### [PROVIDED RECORDS]
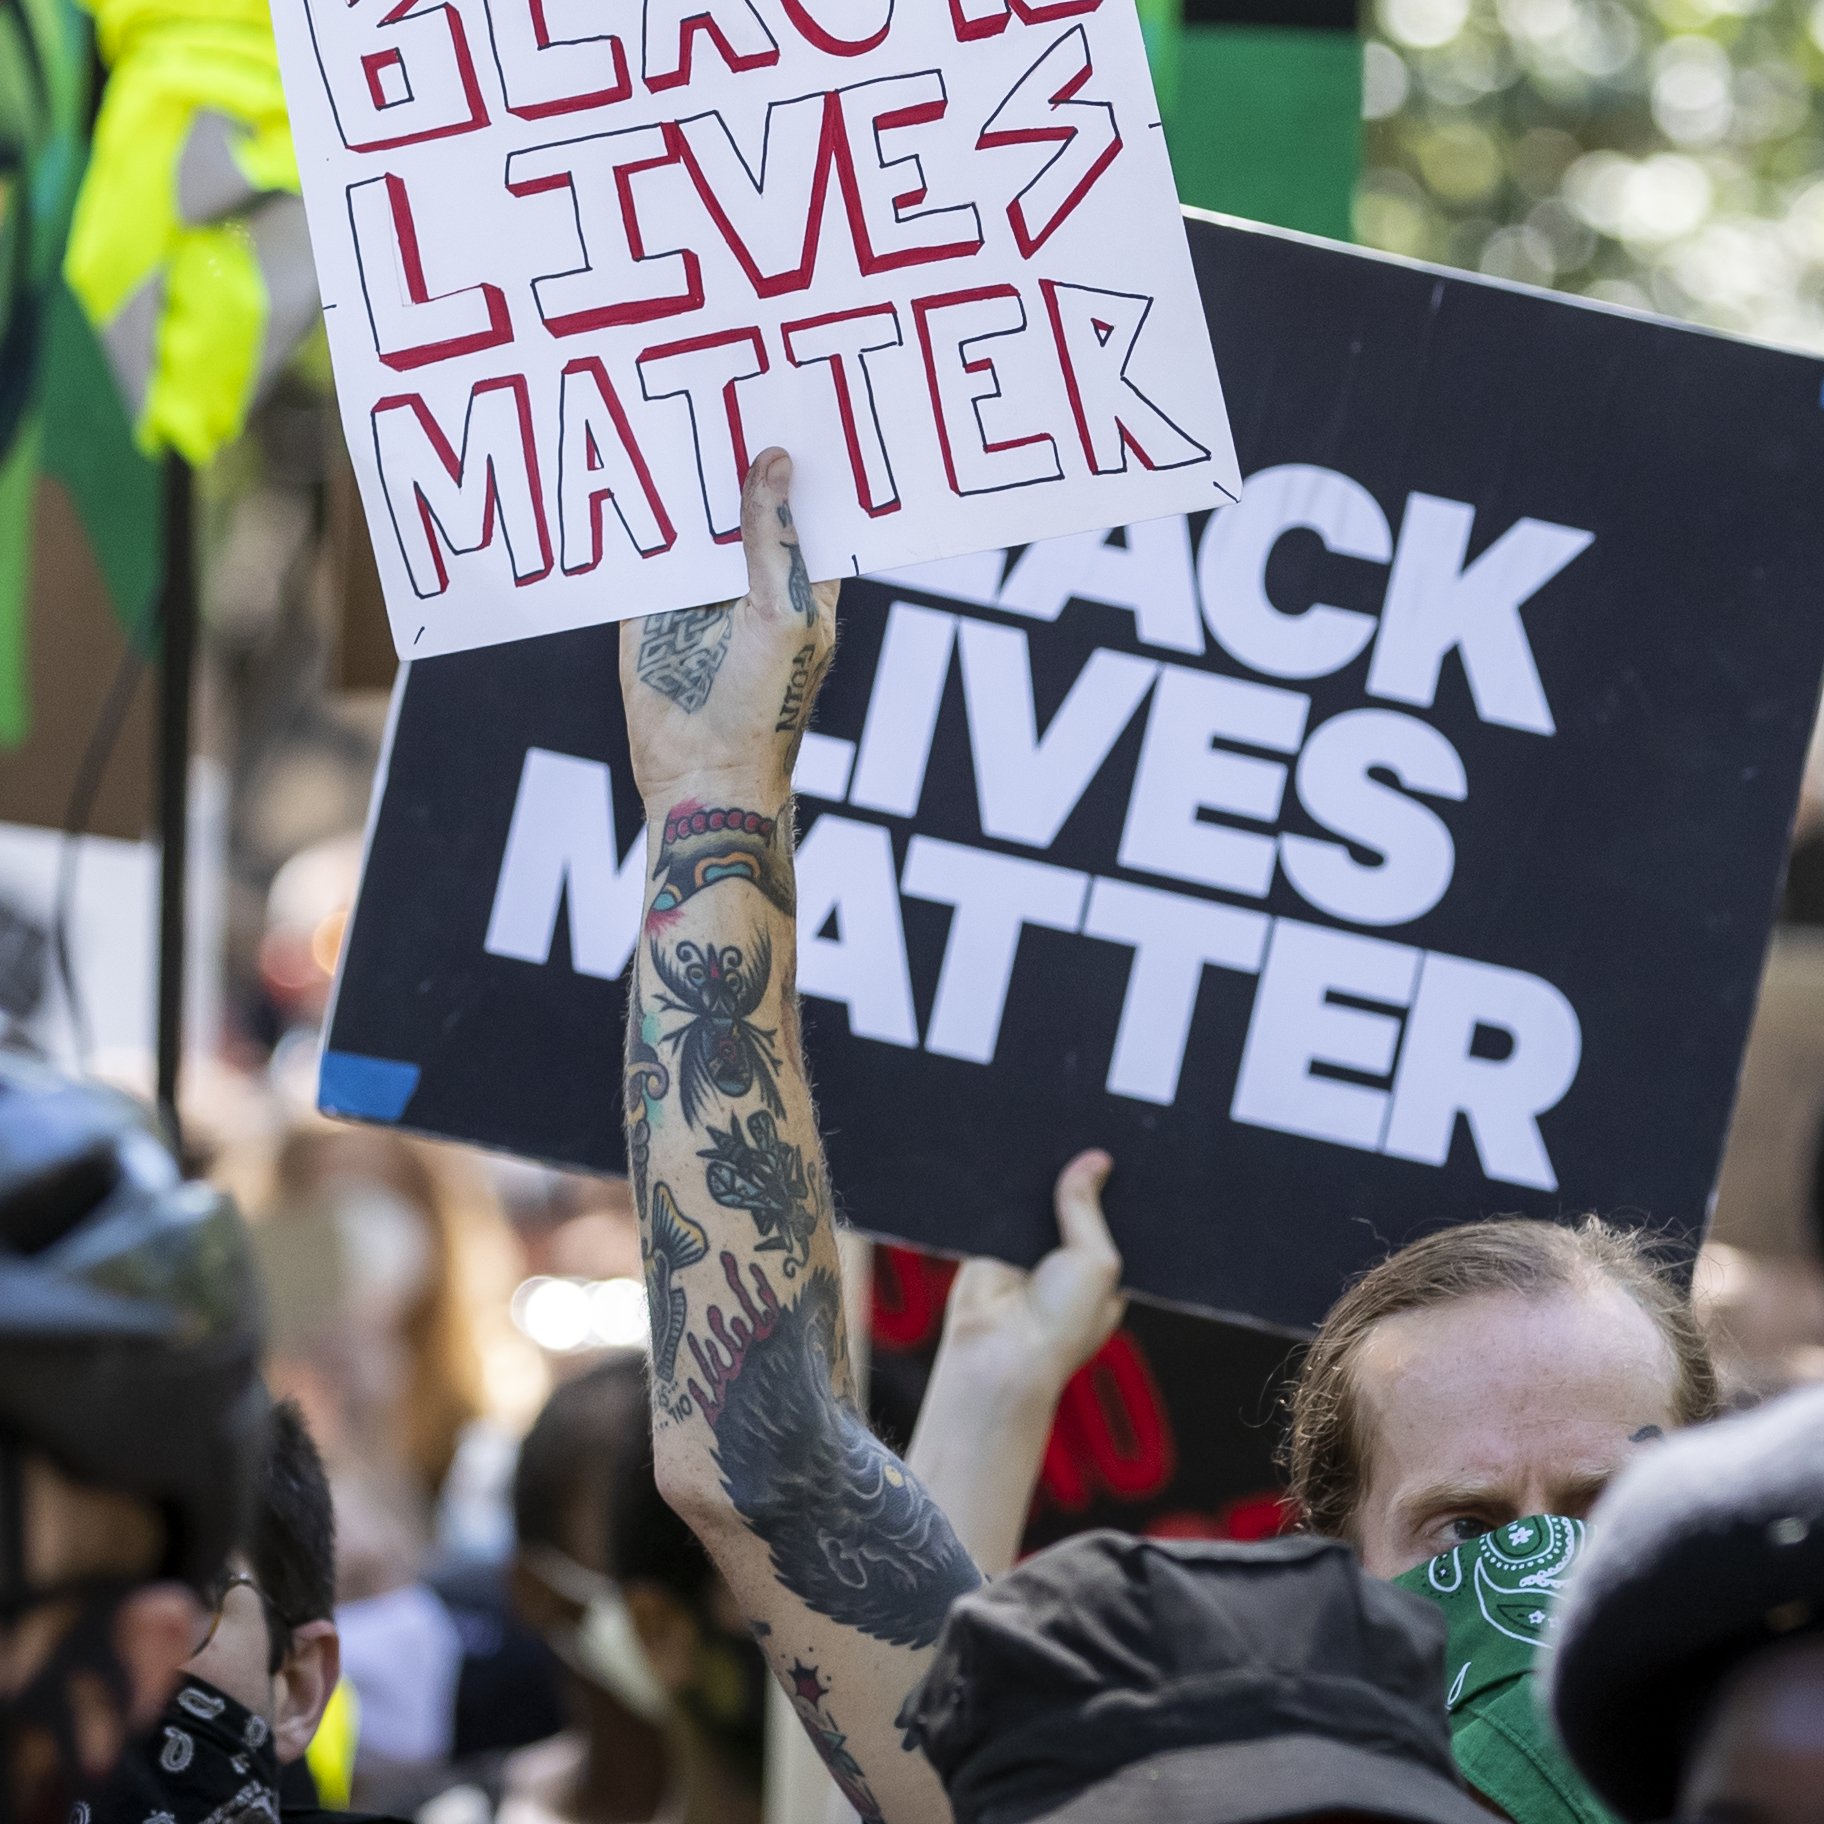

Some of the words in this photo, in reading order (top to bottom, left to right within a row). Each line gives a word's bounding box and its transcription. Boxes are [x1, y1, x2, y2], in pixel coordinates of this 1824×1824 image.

[346, 23, 1123, 372] LIVES
[370, 280, 1211, 598] MATTER
[859, 463, 1596, 736] ACK
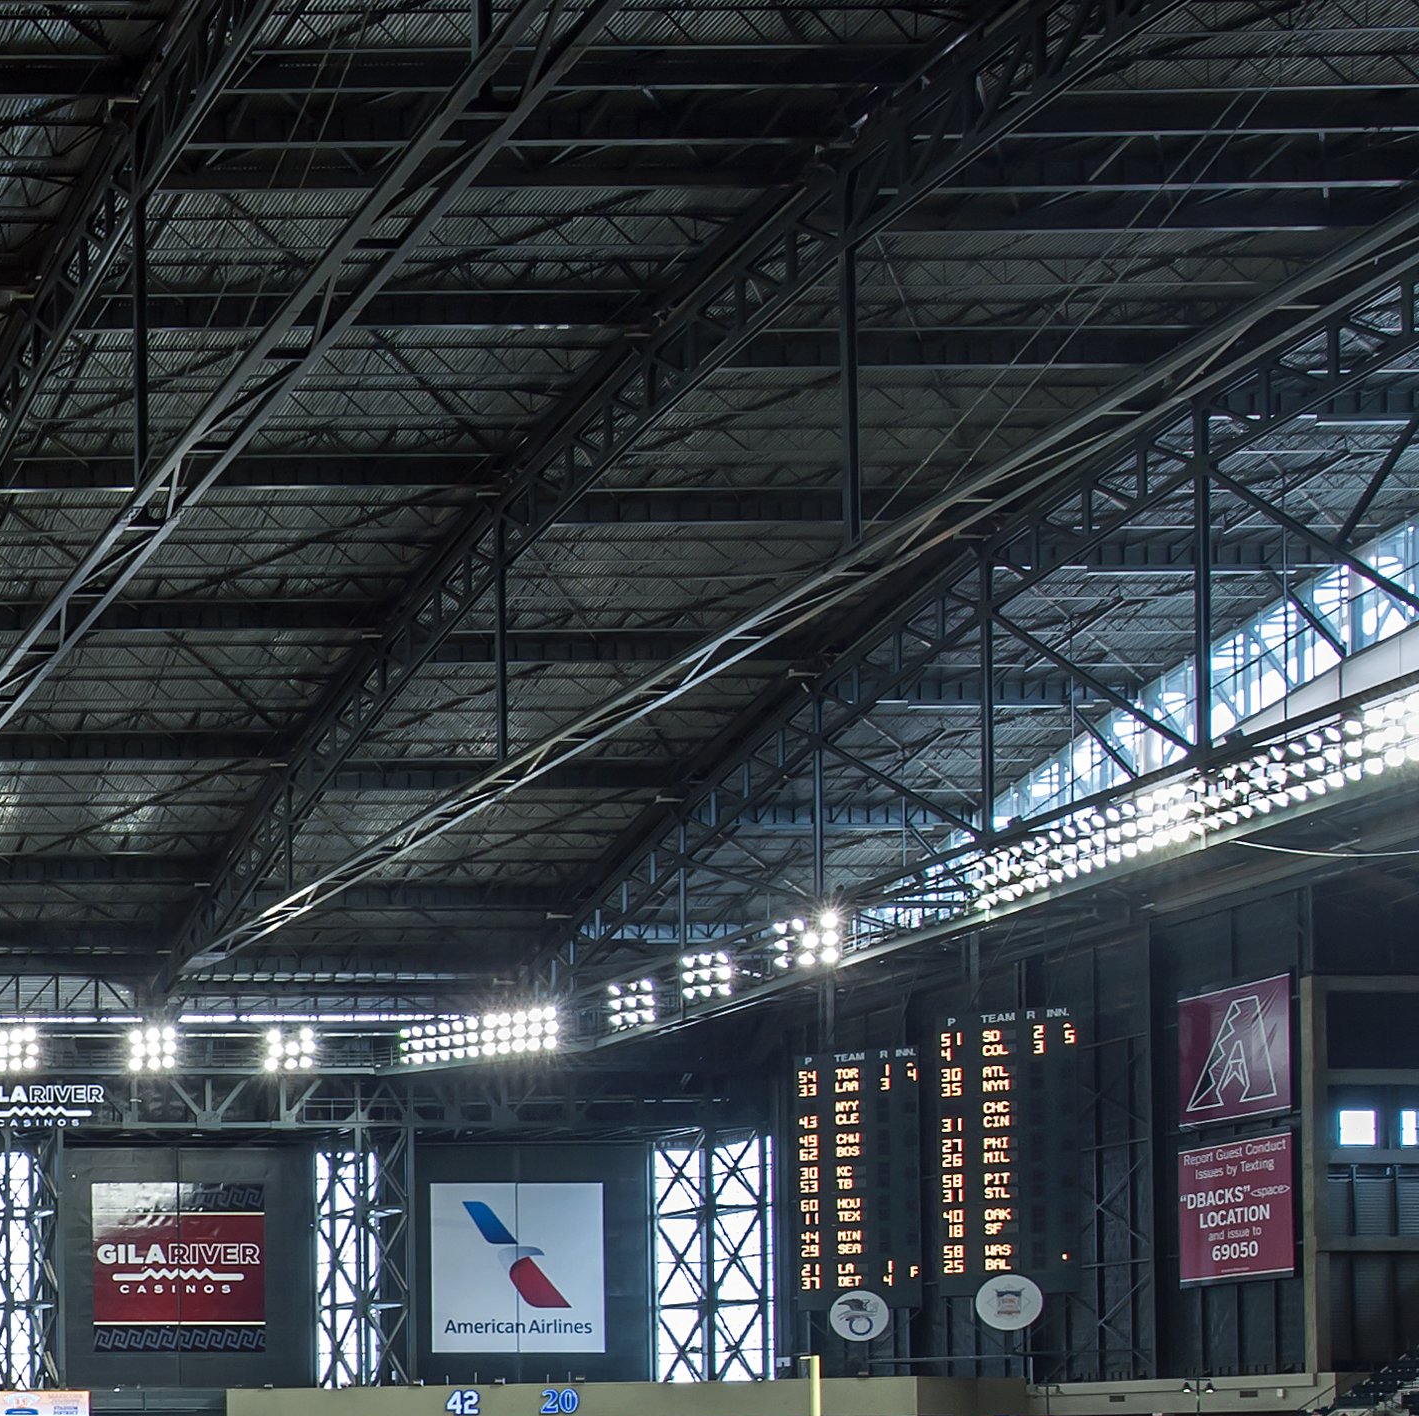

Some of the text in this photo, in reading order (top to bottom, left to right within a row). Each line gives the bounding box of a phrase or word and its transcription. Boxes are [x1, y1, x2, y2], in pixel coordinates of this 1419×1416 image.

### [WHAT IS EXPECTED]
Output the data above exactly, excluding images.

### [TASK RESULT]
Some of the words in this photo, in reading order (top to bottom, left to right within a row). Each line gives a word's bounding box and its transcription. Boxes are [x1, y1, x2, y2], in pixel coordinates of this 1824×1824 image.

[346, 23, 1123, 372] LIVES
[370, 280, 1211, 598] MATTER
[859, 463, 1596, 736] ACK

Some of the text in this photo, in reading order (top to bottom, left to right within a row). Each line gives the bounding box of a phrase or word and its transcription. Boxes are [x1, y1, x2, y2], in pixel coordinates of this 1419×1416 image.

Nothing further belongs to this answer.